Image-backed grounding data
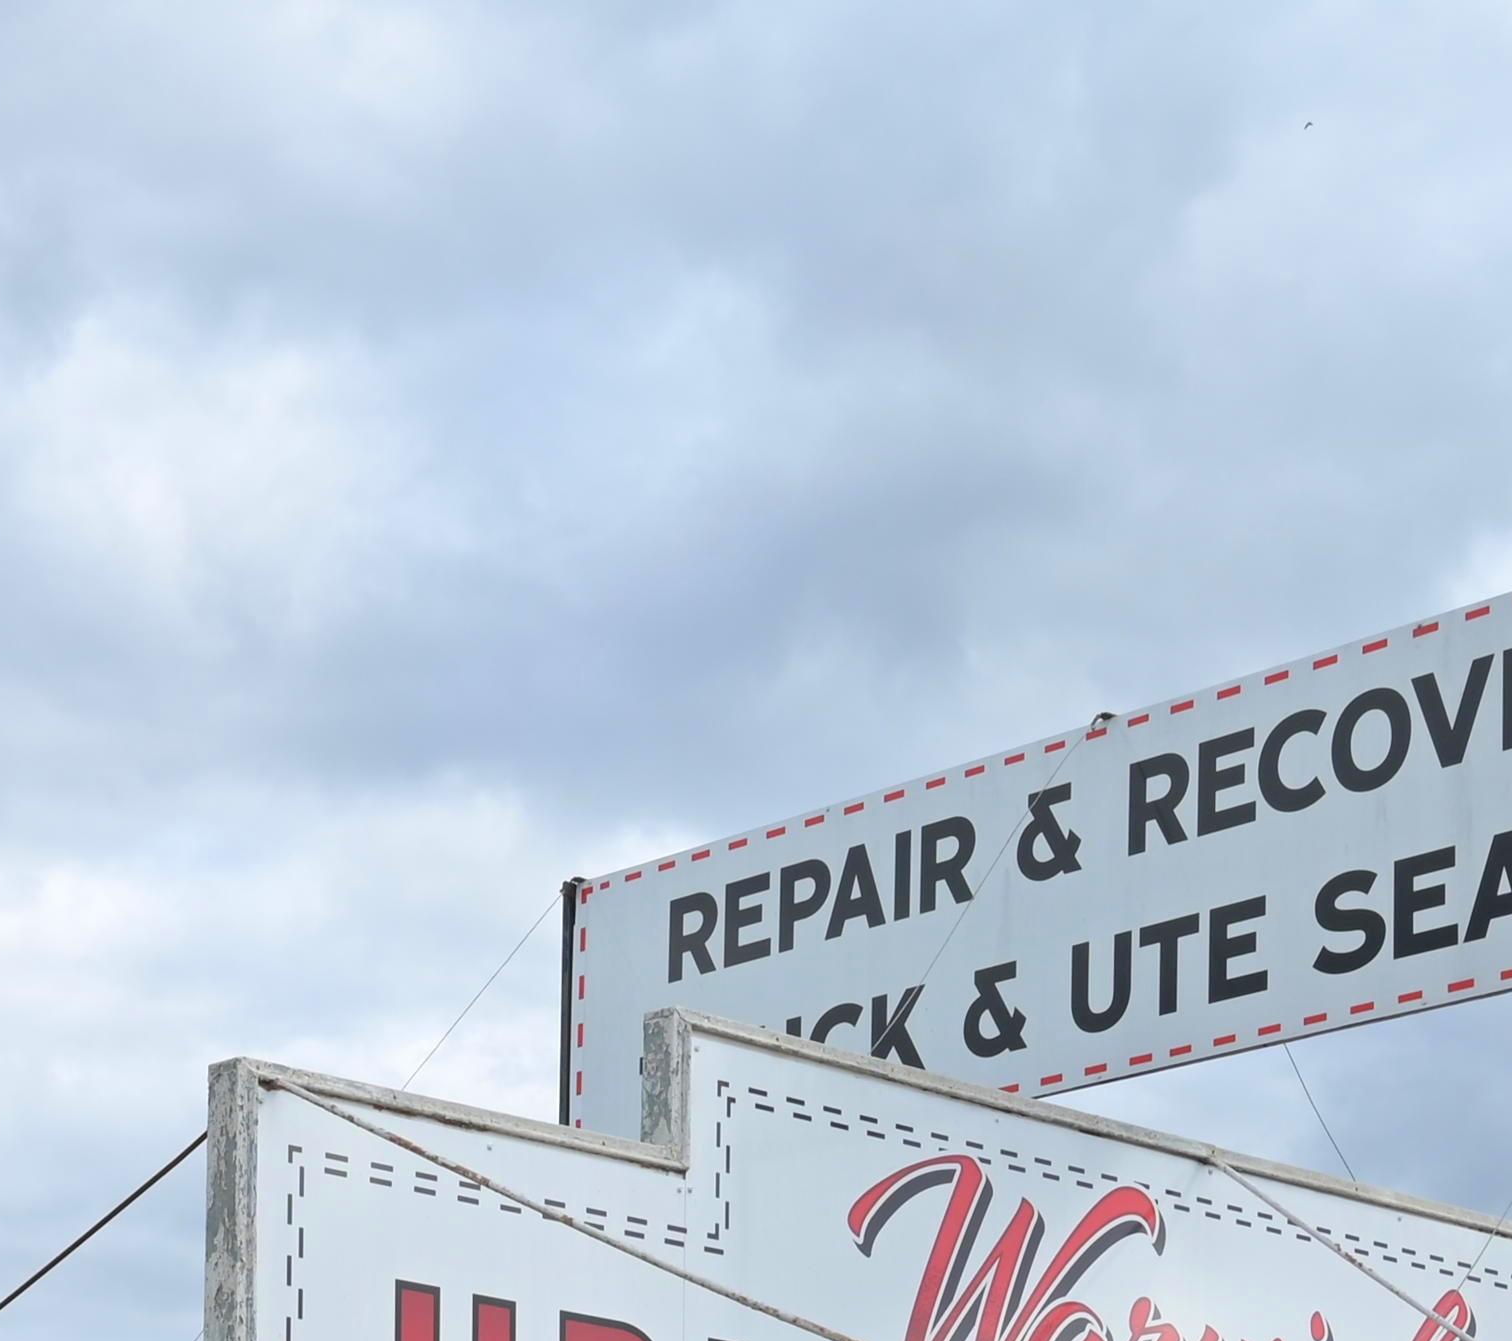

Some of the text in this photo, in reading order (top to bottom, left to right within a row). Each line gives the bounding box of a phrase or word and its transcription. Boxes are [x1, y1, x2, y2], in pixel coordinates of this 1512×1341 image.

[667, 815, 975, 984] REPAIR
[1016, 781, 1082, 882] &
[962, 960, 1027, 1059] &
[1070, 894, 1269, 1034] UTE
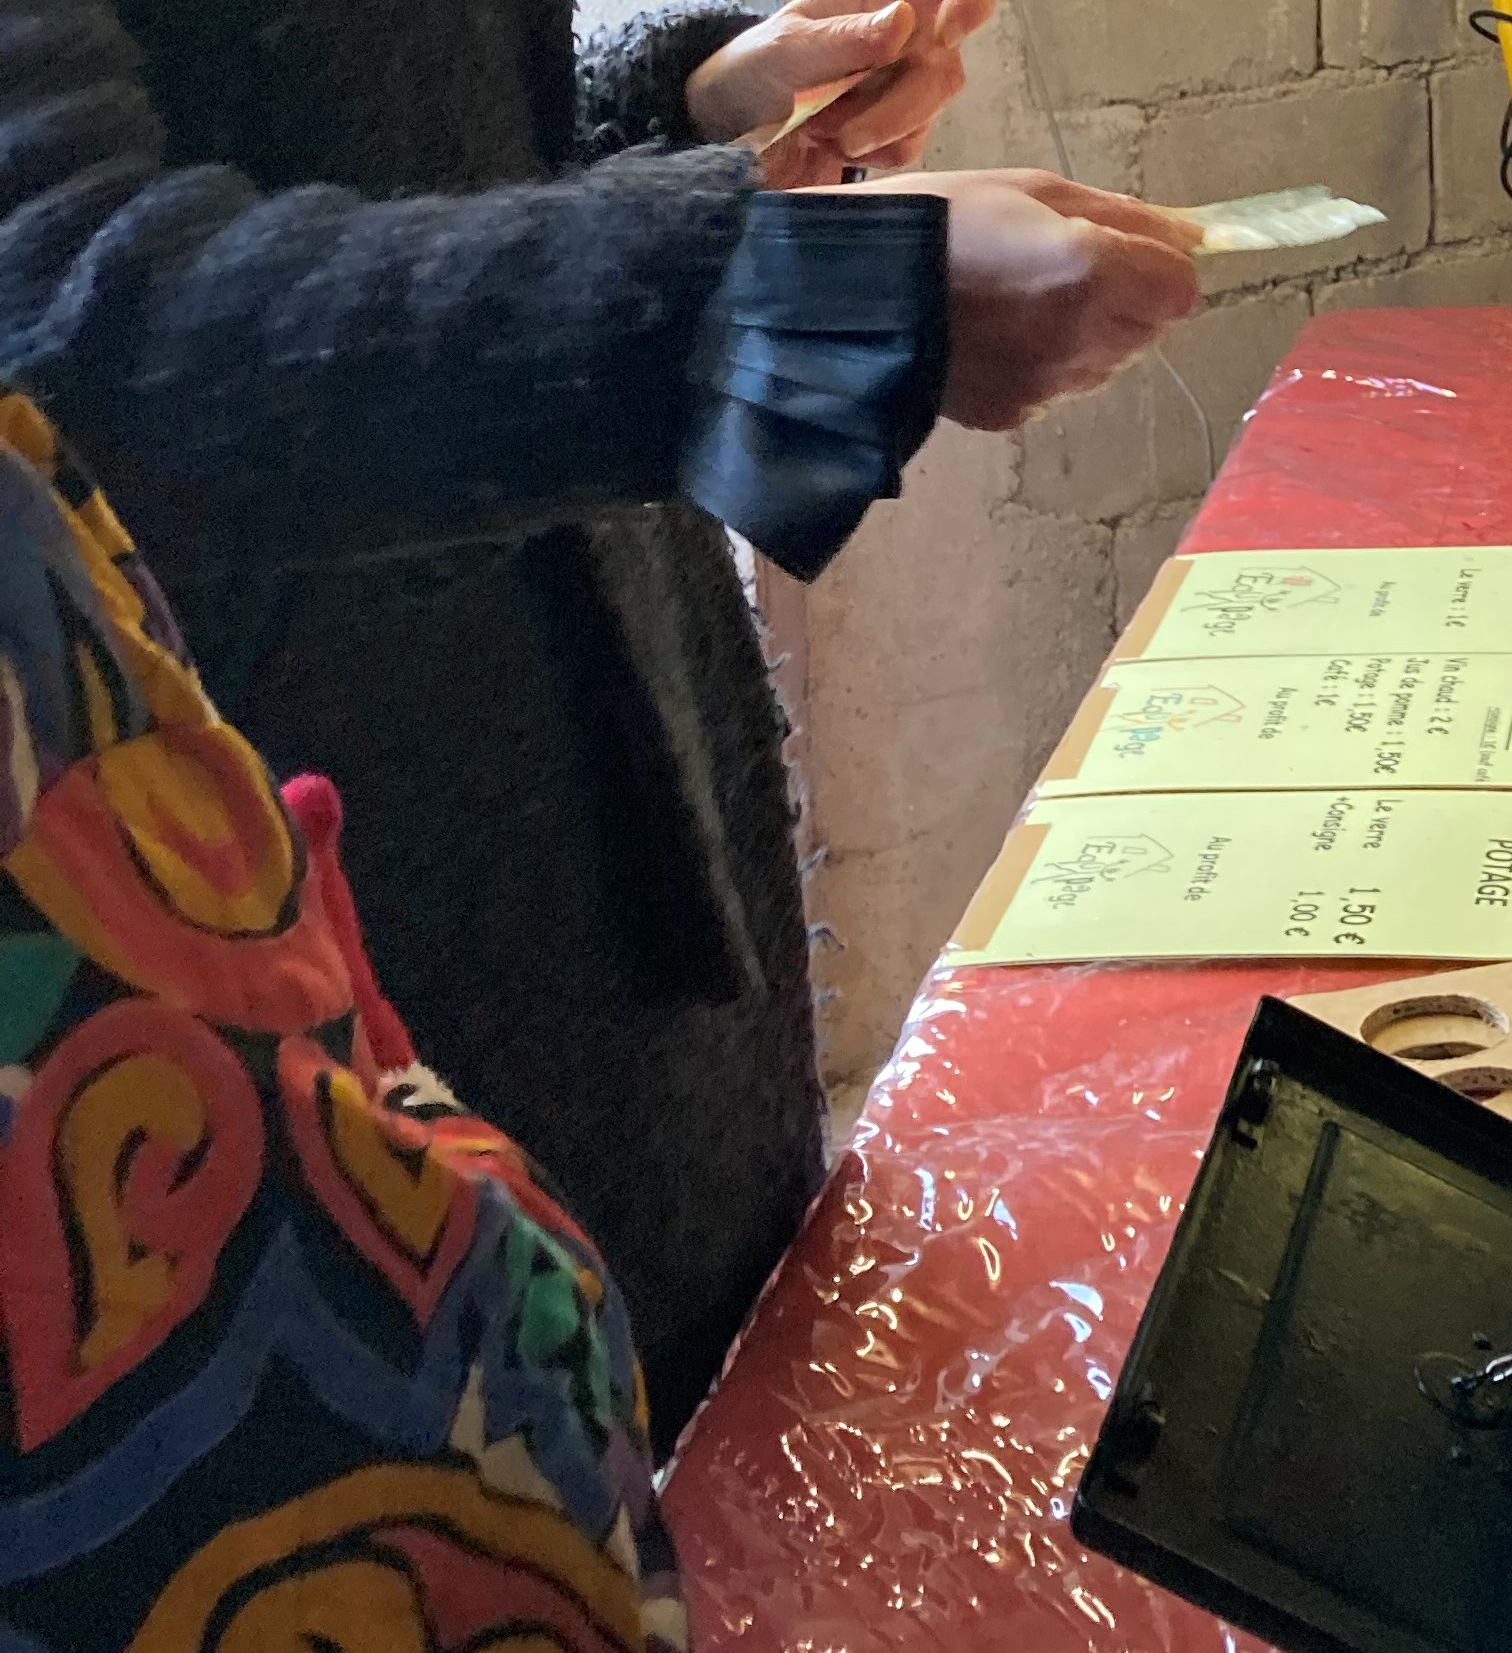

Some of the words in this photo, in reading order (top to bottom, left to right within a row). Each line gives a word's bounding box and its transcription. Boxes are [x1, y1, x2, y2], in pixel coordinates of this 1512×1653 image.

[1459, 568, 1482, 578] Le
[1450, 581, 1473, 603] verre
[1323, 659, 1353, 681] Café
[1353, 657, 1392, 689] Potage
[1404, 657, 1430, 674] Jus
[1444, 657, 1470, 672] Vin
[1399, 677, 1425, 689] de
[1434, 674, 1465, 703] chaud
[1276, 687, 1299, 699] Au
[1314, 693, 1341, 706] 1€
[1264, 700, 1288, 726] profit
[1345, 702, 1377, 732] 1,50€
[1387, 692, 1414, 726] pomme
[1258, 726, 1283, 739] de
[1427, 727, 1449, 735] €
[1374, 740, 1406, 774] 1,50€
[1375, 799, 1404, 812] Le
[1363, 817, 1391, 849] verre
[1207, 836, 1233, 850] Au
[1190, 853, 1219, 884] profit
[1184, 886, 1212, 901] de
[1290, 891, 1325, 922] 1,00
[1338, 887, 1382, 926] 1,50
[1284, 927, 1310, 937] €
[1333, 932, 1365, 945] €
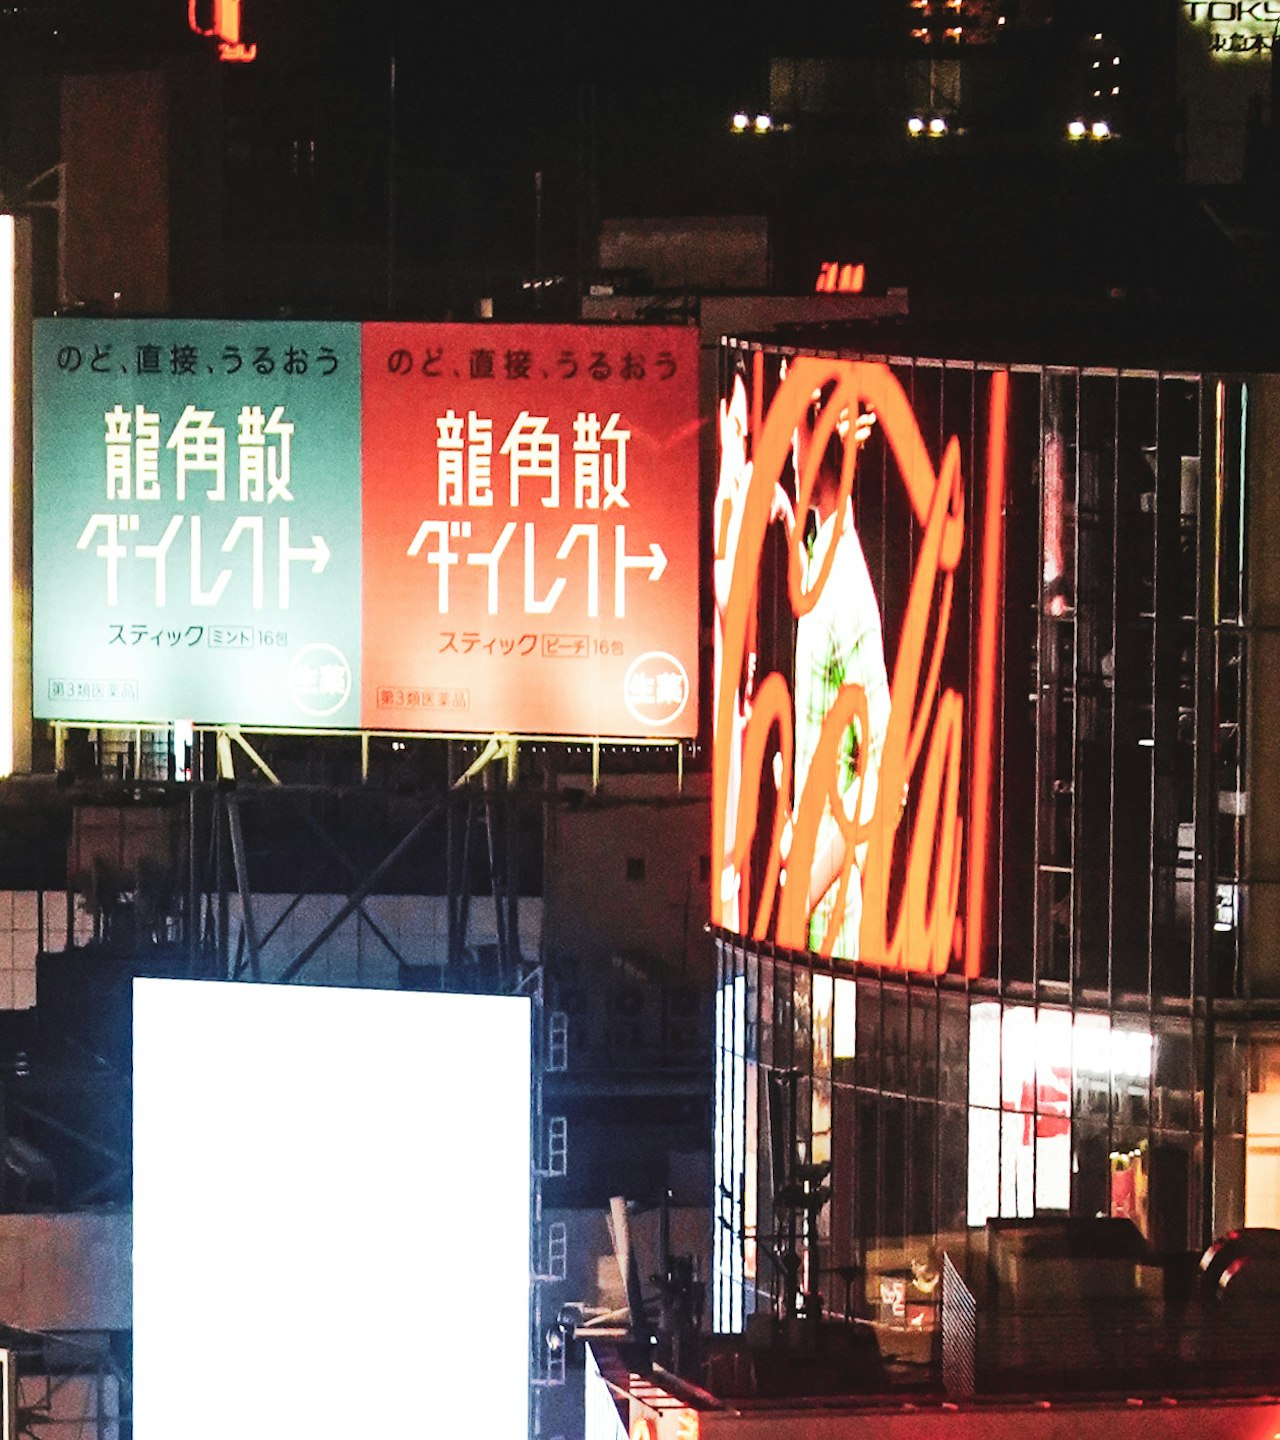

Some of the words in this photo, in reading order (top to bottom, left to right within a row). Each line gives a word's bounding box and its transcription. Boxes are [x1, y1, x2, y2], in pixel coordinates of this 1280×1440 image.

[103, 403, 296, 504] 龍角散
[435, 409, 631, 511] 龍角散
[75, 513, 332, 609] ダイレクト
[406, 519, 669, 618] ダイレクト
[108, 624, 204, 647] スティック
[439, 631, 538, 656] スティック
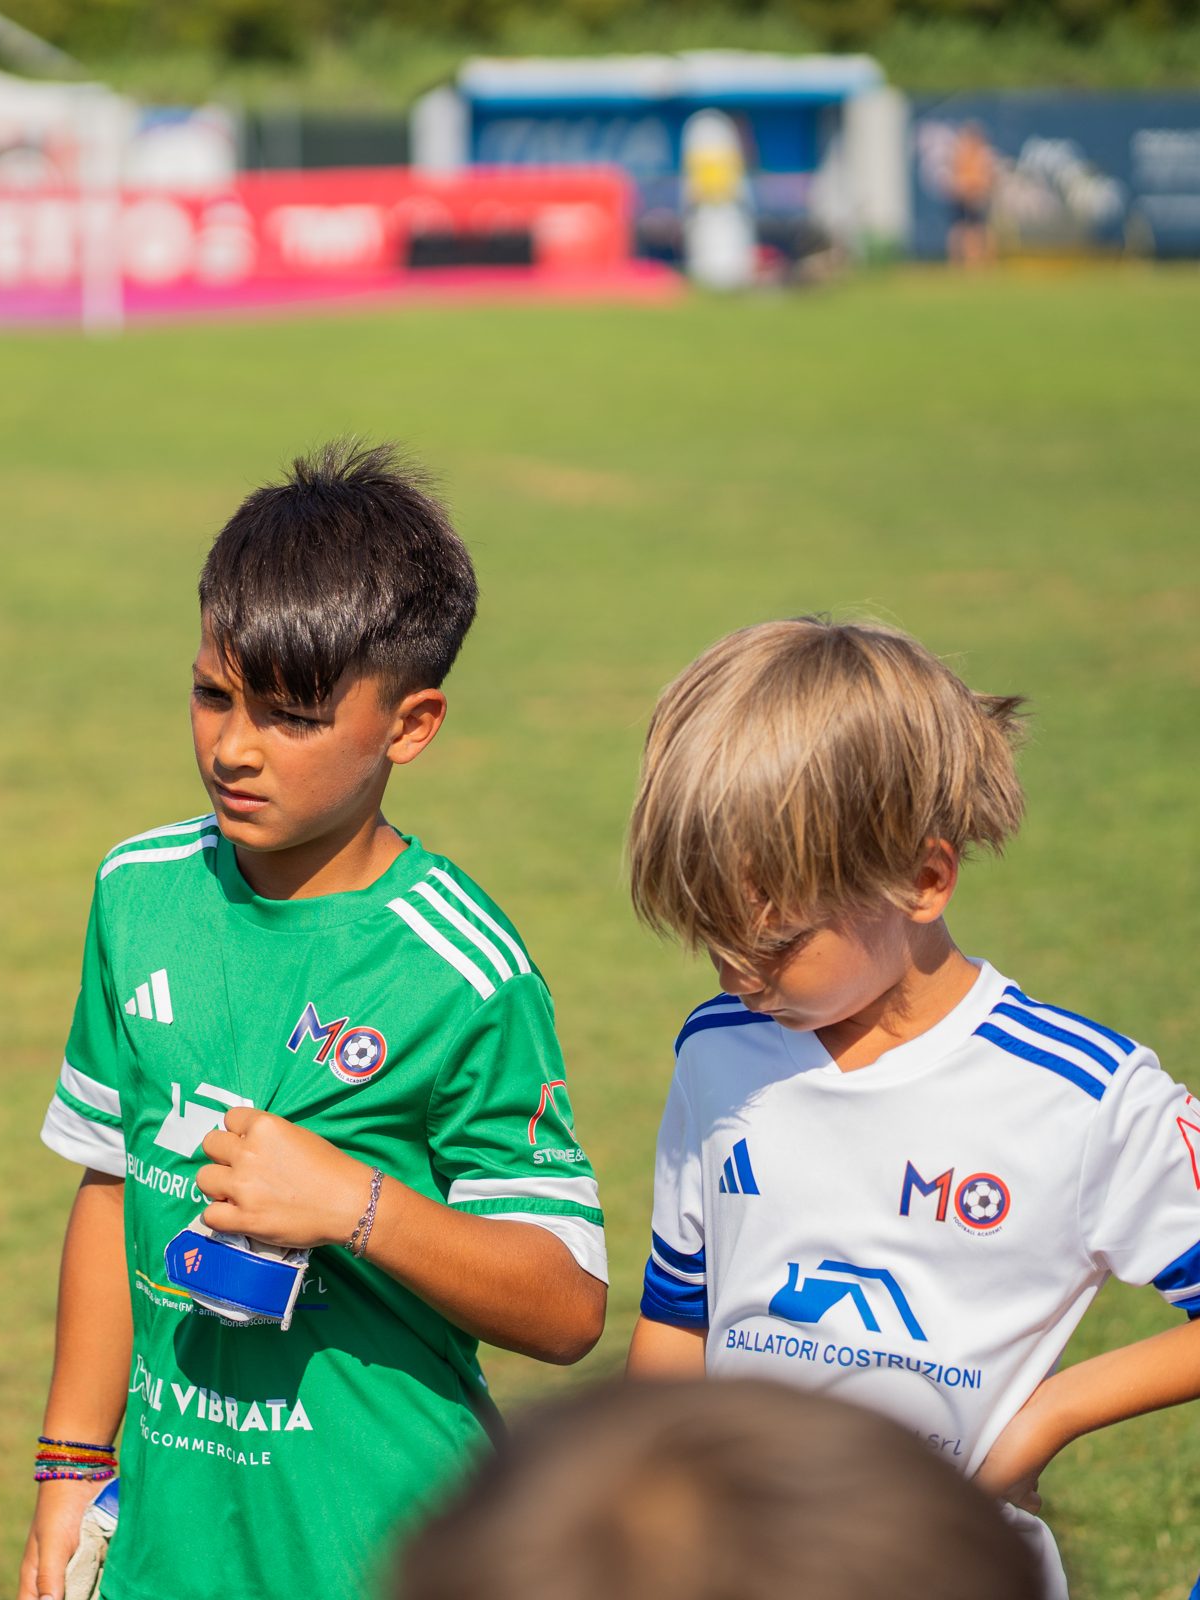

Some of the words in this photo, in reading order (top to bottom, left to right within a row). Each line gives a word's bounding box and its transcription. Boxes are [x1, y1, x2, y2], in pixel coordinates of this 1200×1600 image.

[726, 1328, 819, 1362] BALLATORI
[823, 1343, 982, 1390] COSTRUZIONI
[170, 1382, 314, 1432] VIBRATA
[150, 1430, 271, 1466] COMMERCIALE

WORK REQUEST
Your reply should repeat the entries above exactly, leaving the pictures out.

ANSWER SECTION
Some of the text in this photo, in reading order (top to bottom, left to right within a row). Each line gives the bounding box of a phrase or word and its transcription. Boxes are [x1, y1, x2, y2], in pixel coordinates of this 1512×1341 image.

[667, 815, 975, 984] REPAIR
[1016, 781, 1082, 882] &
[962, 960, 1027, 1059] &
[1070, 894, 1269, 1034] UTE

Some of the words in this photo, in reading order (top to bottom, left to right within a row). Each line gives a word's bounding box and its transcription. Boxes are [x1, y1, x2, y2], in pixel coordinates of this 1512×1653 image.

[1459, 568, 1482, 578] Le
[1450, 581, 1473, 603] verre
[1323, 659, 1353, 681] Café
[1353, 657, 1392, 689] Potage
[1404, 657, 1430, 674] Jus
[1444, 657, 1470, 672] Vin
[1399, 677, 1425, 689] de
[1434, 674, 1465, 703] chaud
[1276, 687, 1299, 699] Au
[1314, 693, 1341, 706] 1€
[1264, 700, 1288, 726] profit
[1345, 702, 1377, 732] 1,50€
[1387, 692, 1414, 726] pomme
[1258, 726, 1283, 739] de
[1427, 727, 1449, 735] €
[1374, 740, 1406, 774] 1,50€
[1375, 799, 1404, 812] Le
[1363, 817, 1391, 849] verre
[1207, 836, 1233, 850] Au
[1190, 853, 1219, 884] profit
[1184, 886, 1212, 901] de
[1290, 891, 1325, 922] 1,00
[1338, 887, 1382, 926] 1,50
[1284, 927, 1310, 937] €
[1333, 932, 1365, 945] €

Some of the words in this photo, in reading order (top to bottom, left to right within a row). Each line gives a word's bounding box and its transcription. Boxes are [x1, y1, x2, y2], in pixel coordinates of this 1280×1440 image.

[103, 403, 296, 504] 龍角散
[435, 409, 631, 511] 龍角散
[75, 513, 332, 609] ダイレクト
[406, 519, 669, 618] ダイレクト
[108, 624, 204, 647] スティック
[439, 631, 538, 656] スティック

Some of the words in this photo, in reading order (top to bottom, left to right within a row). Each line gives a word's bounding box and its transcription. Boxes are [x1, y1, x2, y2], in pixel coordinates of this 1200×1600 image.

[726, 1328, 819, 1362] BALLATORI
[823, 1343, 982, 1390] COSTRUZIONI
[170, 1382, 314, 1432] VIBRATA
[150, 1430, 271, 1466] COMMERCIALE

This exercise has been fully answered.